God’s Son opens with “Get Down”, a shockingly clear and gripping narrative, as slick and hair-raising as the best action movies. It starts with a simple roll call, naming names – Pistol Pete, Pappy Mason, Gerald “Prince” Miller, Richard “Fritz” Simmons, the infamous Nicky Barnes – of the dealers whose names rung out in the streets of his youth, whose “drugs kept the hood from starving.” In the ensuing verses, Nas’s tales of cutthroat competition and deceit span the nation, and each time he transits, producer Salaam Remi molds the beat to his story. In the second verse, as Nas scraps with dealers in Tennessee, Remi flips “Rock Creek Park”; As he strides into a Crenshaw funeral, Remi hits a twisty, G-Funk synthesizer right out of a Dre beat. As an opener, there are few like it: Lean, cold, hard, propulsive, as entrancing as any thriller.

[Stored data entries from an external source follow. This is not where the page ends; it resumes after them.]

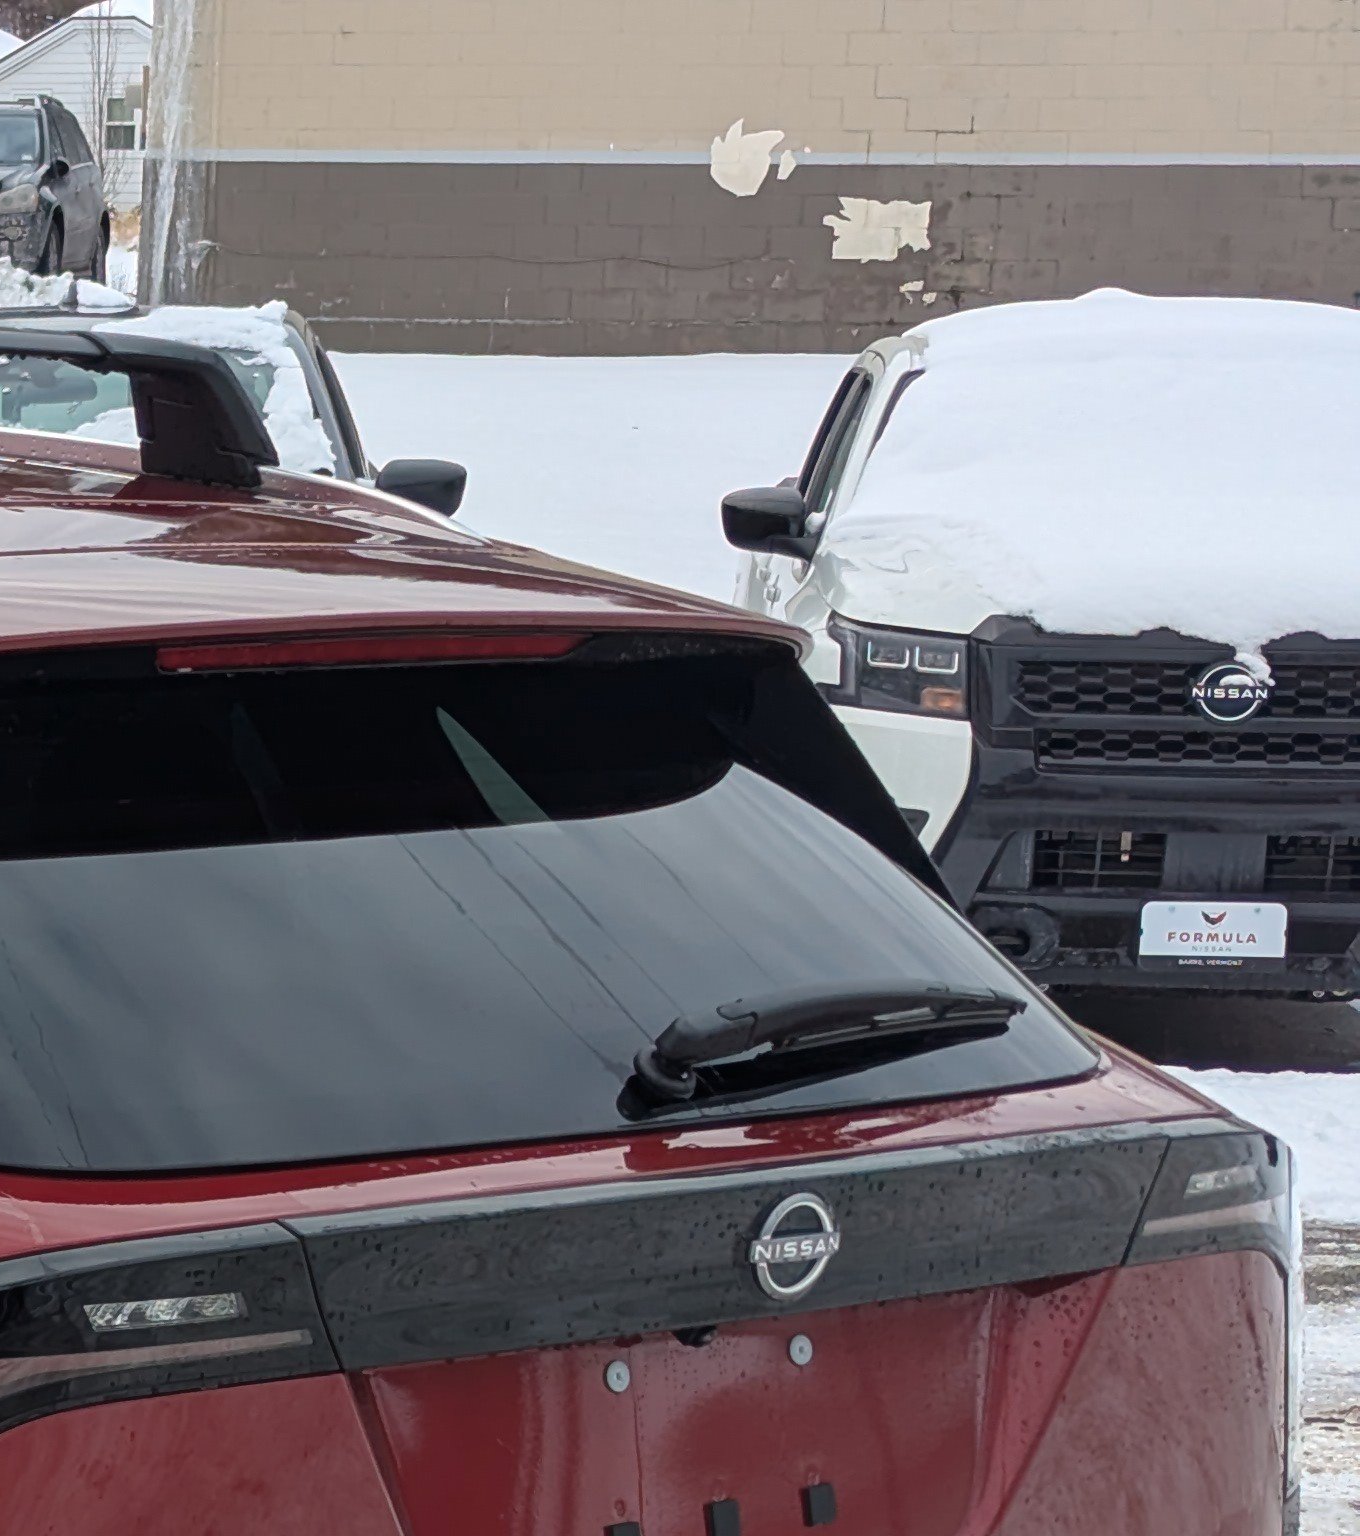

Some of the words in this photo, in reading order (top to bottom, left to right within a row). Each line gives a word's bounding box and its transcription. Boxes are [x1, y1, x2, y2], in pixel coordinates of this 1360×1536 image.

[1191, 686, 1268, 699] NISSAN
[1166, 931, 1258, 944] FORMULA
[754, 1235, 840, 1261] NISSAN
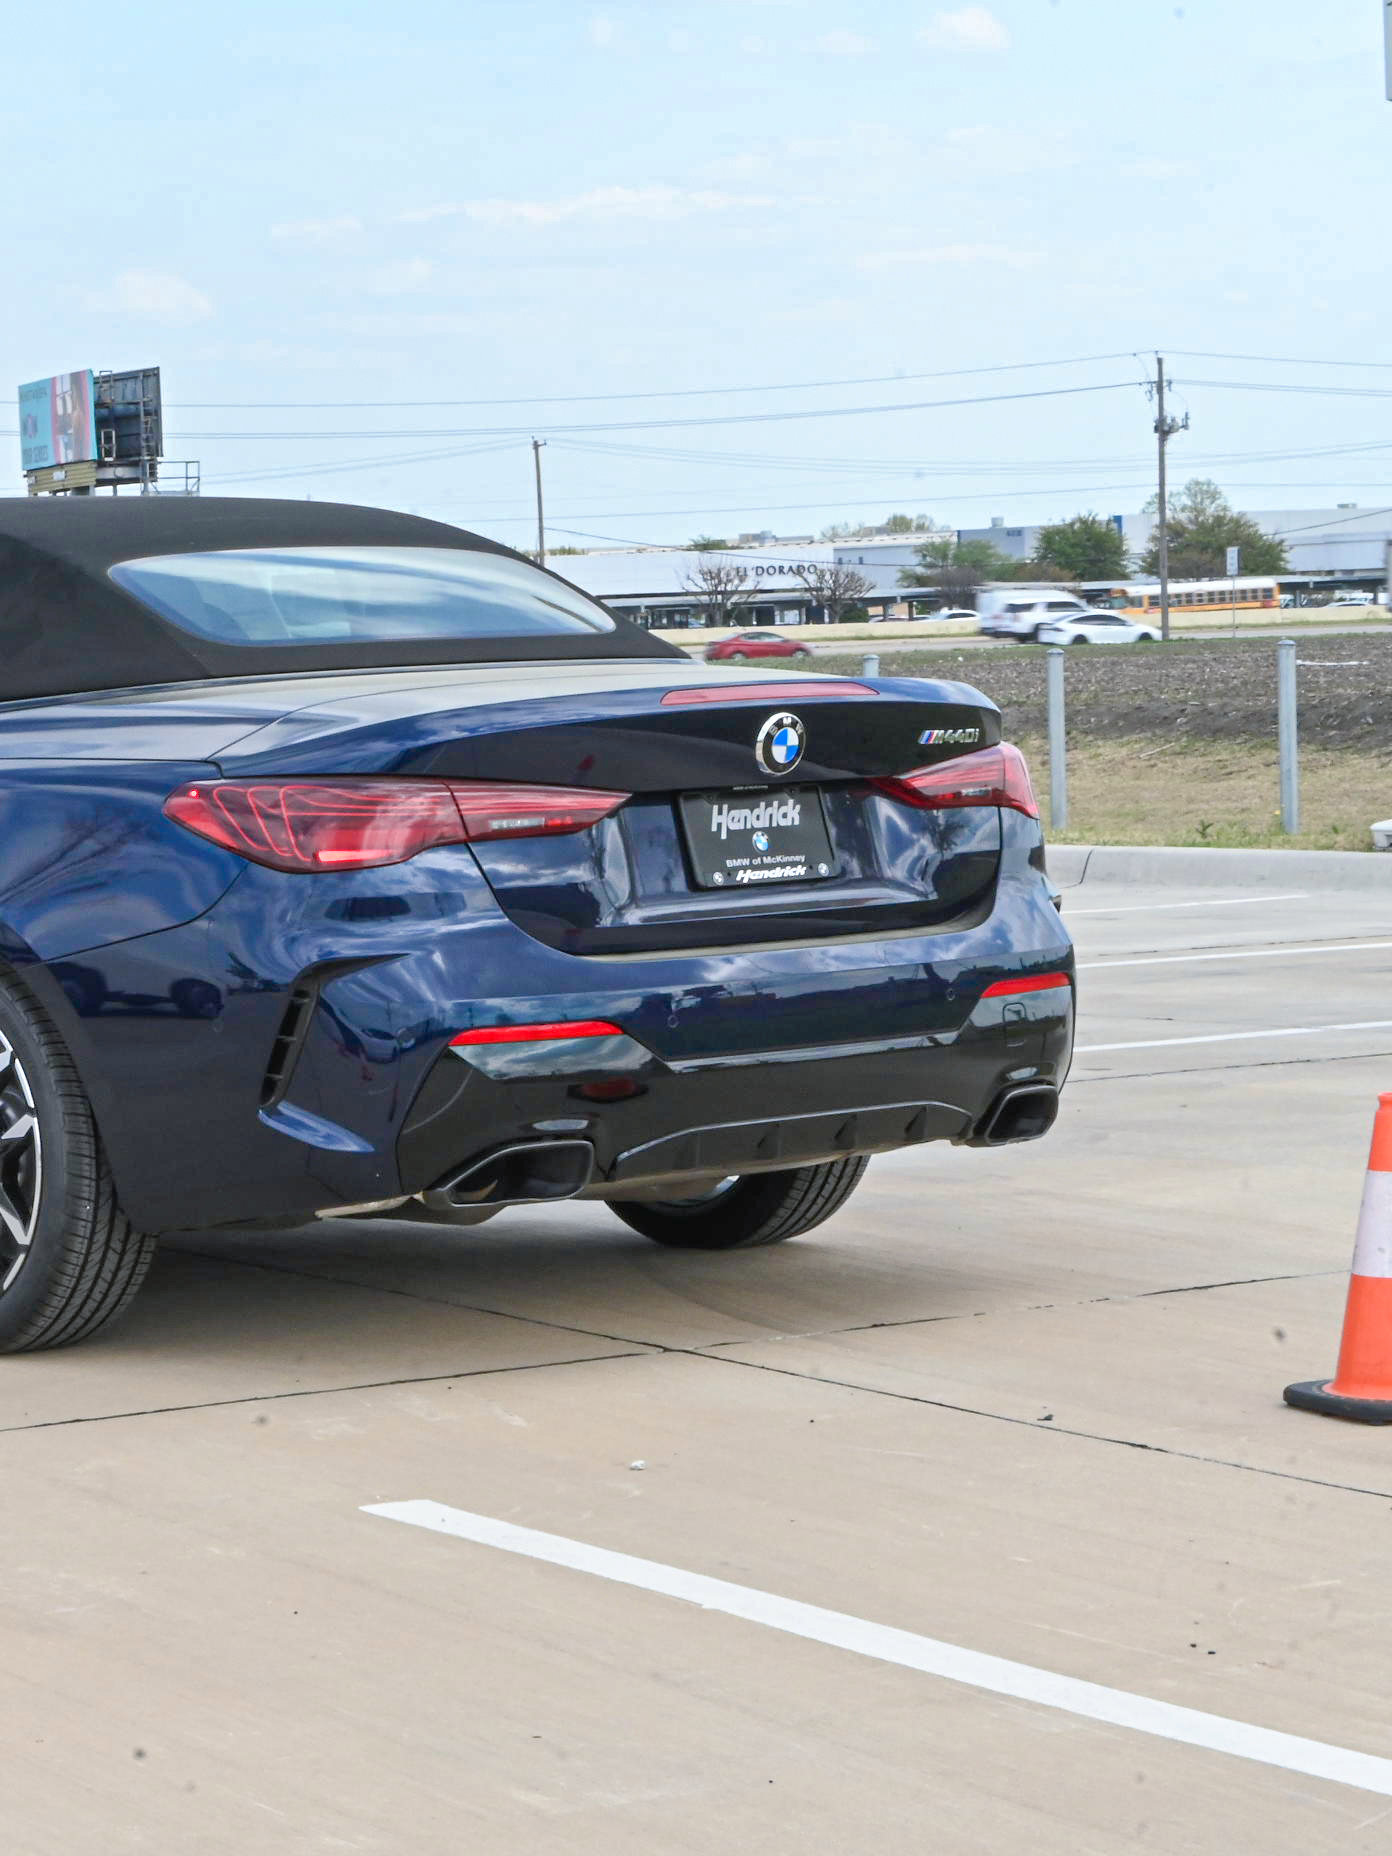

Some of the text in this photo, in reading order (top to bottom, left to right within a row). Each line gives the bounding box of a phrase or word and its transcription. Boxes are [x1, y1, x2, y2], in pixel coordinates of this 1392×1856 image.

[711, 799, 801, 840] Hendrick
[726, 854, 806, 868] BMW of McKinney
[736, 864, 807, 884] Hendrick
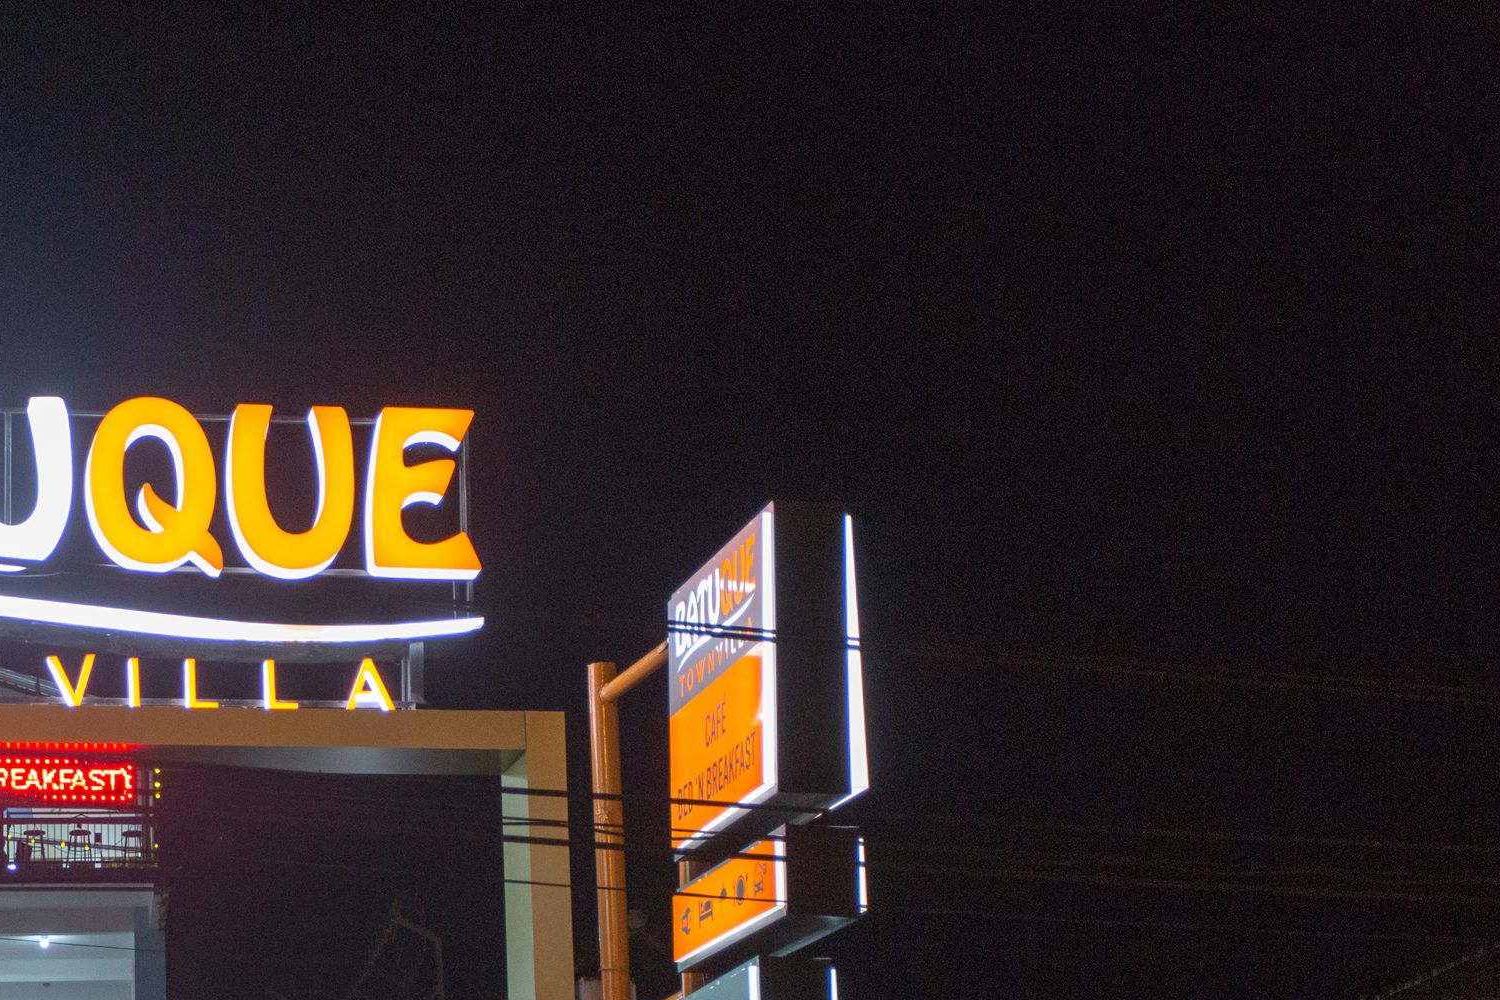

Similarly transfixing is “Made You Look”, so packed with iconic lines that “don't say my car's topless” and “do the Smurf, do the Wop, Baseball Bat / Rooftop like we bringin' '88 back” are still regularly referenced in new music over two decades later. He closes a capella, suddenly speaking just to you, explicitly grabbing your attention. Nas is dialed in on scene-setting and storytelling throughout the album. “The Last Real Nigga Alive”, the final chapter in his beef with Jay-Z (they reconciled in 2005), doesn’t fire any further shots so much as share’s Nas’s definitive and complete testimony of their history together. It’s so full of information that it feels like reading a gossip rag; Nas confirms the tawdry details of Jay’s affair with the mother of his daughter, and paints the picture of Puffy beating record executive Steve Stoute with a champagne bottle in the Def Jam office, its contents spilling across the floor.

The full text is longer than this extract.